Oleh ; Munif Chatib
Pernahkah kita sebagai
guru atau orangtua terjebak dalam situasi seperti di bawah ini. Dengan
tangan gemetar, anak kita memberi secarik kertas hasil ulangan harian
matematikanya. Gemetar dan mulai terisak, sebab dapat nilai 5. Bayangkan! Pasti
banyak dari kita yang juga gemas dan mungkin ikut menangis melihat hasil kerja
anak kita.
“Ya Allah nak …ini tahun
udah hampir 2010 matematika dapat 5? Sudah gak musim nak! Kalau kamu begini
terus nanti kamu jadi apaaaaa!!!
Biasanya adegan
selanjutnya adalah anak dengan pasrah terdiam menampung amarah orangtua baik
bola salju bergulir. Bahkan tidak sedikit yang berakhir dengan ‘pemukulan’
Saya sendiri heran,
kejadian di atas ternyata masih banyak dialami oleh orangtua yang mempunyai
background pendidikan yang lumayan tinggi, bahkan S2. Mengapa susah sekali
memberi pemahaman kepada para orangtua bahwa kesuksesan dan kecerdasan anak
kita sama sekali tidak terkait dengan hasil tes-tes standar. Mengapa tidak
terkait? Ada dua alasan yang perlu kita pahami.
Pertama, nilai hasil
tes standar yang didapat oleh anak kita sangat tergantung dari kualitas
soal-soal yang dibuat oleh guru atau pengawas (baca: pembuat soal). Dalam
‘penilaian modern’ yang dikenal dengan authentic assessment erdapat konsep yang
harus diketahui banyak orang, yaitu: SOAL YANG BERKUALITAS ADALAH SOAL YANG
DAPAT DIKERJAKAN OLEH SISWANYA.
Nah
… sampai disini kita para orangtua jika mendapatkan nilai tes anak kita rendah,
maka yang harus kita lihat dulu adalah ‘SOALNYA’ jangan buru-buru menghukum
anak kita dengan kata-kata yang menyakitkan hati anak kita.
“Dasar kamu bodoh!”
“Masa soal semudah ini kamu gak bisa!”
“Dulu mama selalu dapat nilai bagus, kamu kog gak bisa
sih seperti mama!”
Dan ratusan lagi kalimat yang akan membentuk ‘self
image’ anak kita negatif.
Lebih baik evaluasi
soal yang diberikan kepada anak kita. Terlalu banyak kejadian, sebenarnya anak
kita mampu mengerjakan, hanya karena instruksi soal yang tidak jelas atau
sengaja dibuat tidak jelas, maka akhirnya anak kita tidak mampu atau salah
dalam menjawabnya.
Kriteria soal yang
tidak berkualitas oleh beberapa ahli pendidikan dinamakan ‘disabillity test’
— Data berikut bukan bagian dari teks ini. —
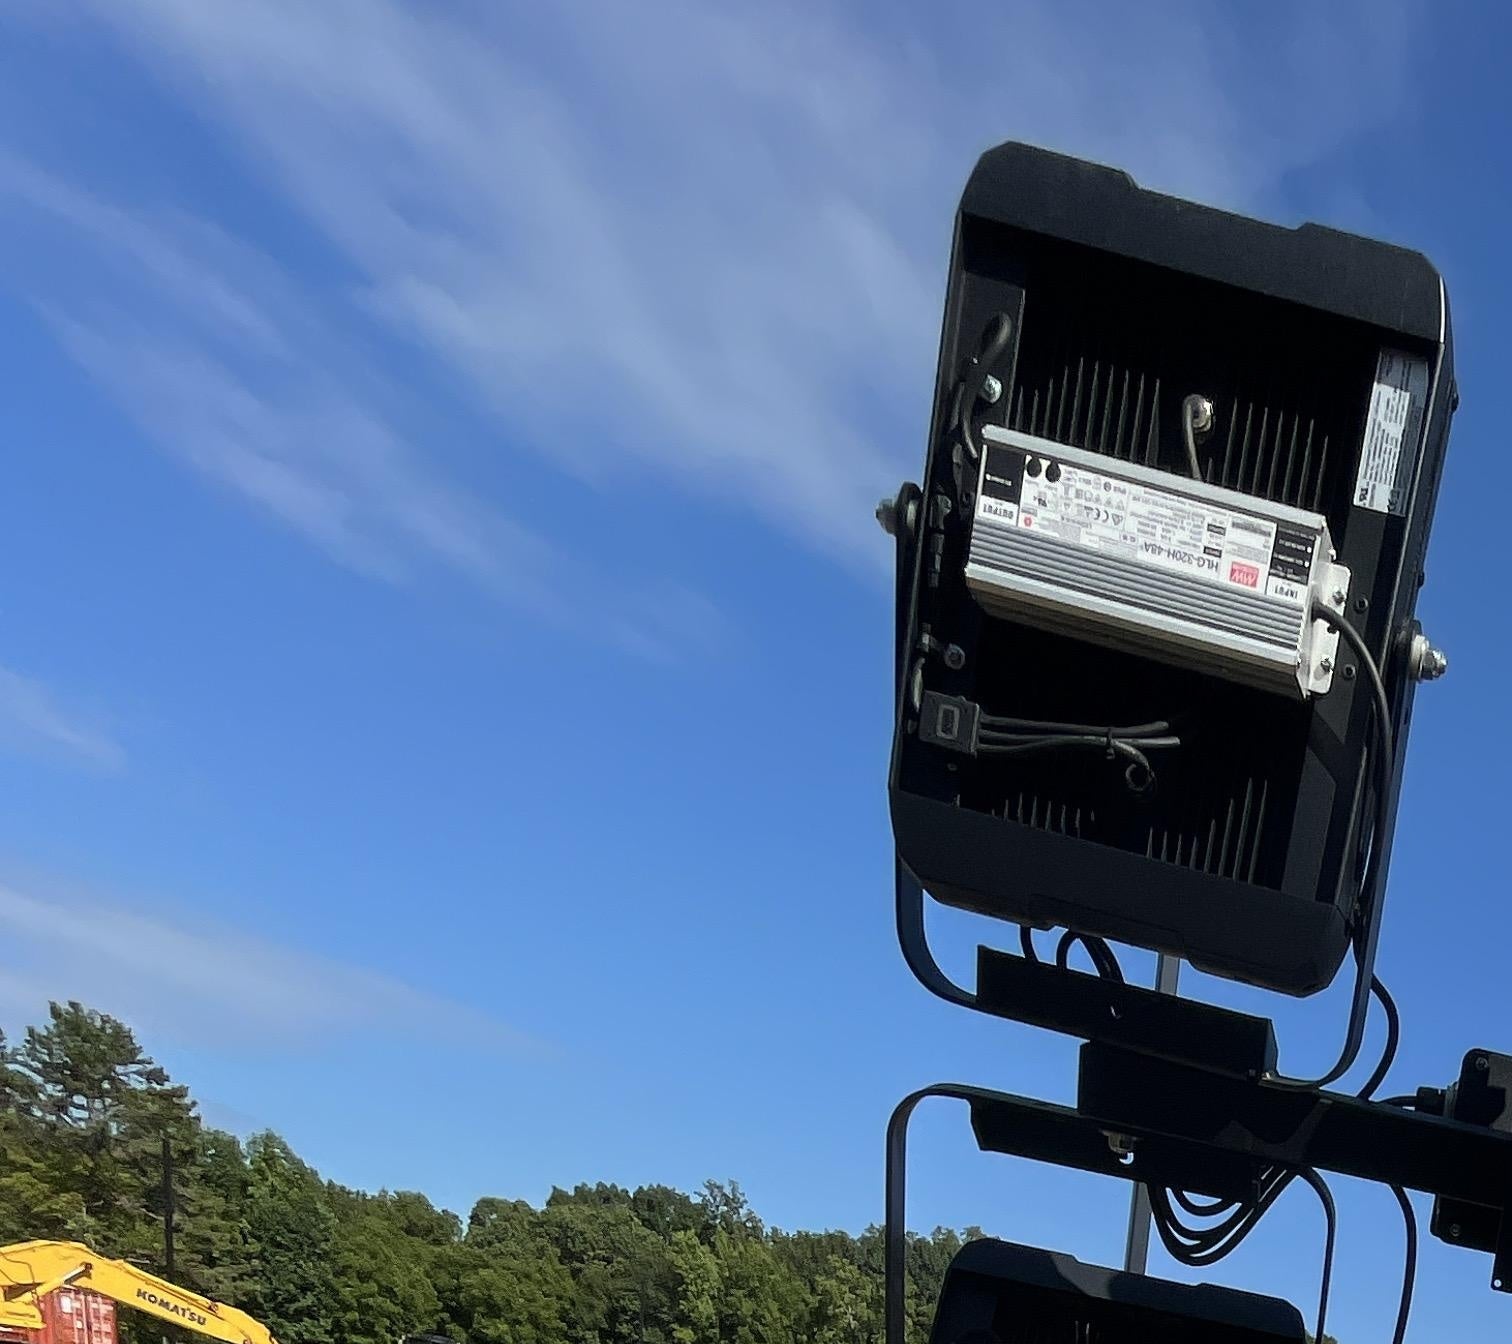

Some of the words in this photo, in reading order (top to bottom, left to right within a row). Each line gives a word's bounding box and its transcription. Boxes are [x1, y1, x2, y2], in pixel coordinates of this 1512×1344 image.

[982, 502, 1014, 519] OUTPUT
[1273, 584, 1298, 599] INPUT
[137, 1287, 207, 1326] KOMATSU
atau tes ketidakmampuan. Soal-soal tersebut mempunyai ciri-ciri di bawah ini:
Instruksi soal yang
tidak jelas dan dibuat sulit dipahami.
Soal yang mempunyai
satu jawaban tunggal.
Soal yang mempunyai
rubrik penilaian tunggal.
Soal yang berhenti pada
tangga terendah yaitu PENGETAHUAN.
Soal yang tidak
mempunyai ‘range’ dan tidak familiar.
1. Instruksi soal yang
tidak jelas dan dibuat sulit dipahami.
Contoh: Di bawah ini
yang tidak termasuk kecuali ……
2. Soal yang mempunyai
1 jawaban tunggal.
Contoh 1: Peraturan
dibuat untuk …
a) Dilaksanakan
b) Menjadi baik
c) Dipahami
d) Agar tidak
melanggar
Contoh 2: Pintu kamar
mandi terbuat dari …
a) Bambu
b) Kayu
c) Seng
d) Plastik
Sang pembuat soal model
di atas mengharapkan siswa melingkari 1 jawaban yang benar menurut persepsinya.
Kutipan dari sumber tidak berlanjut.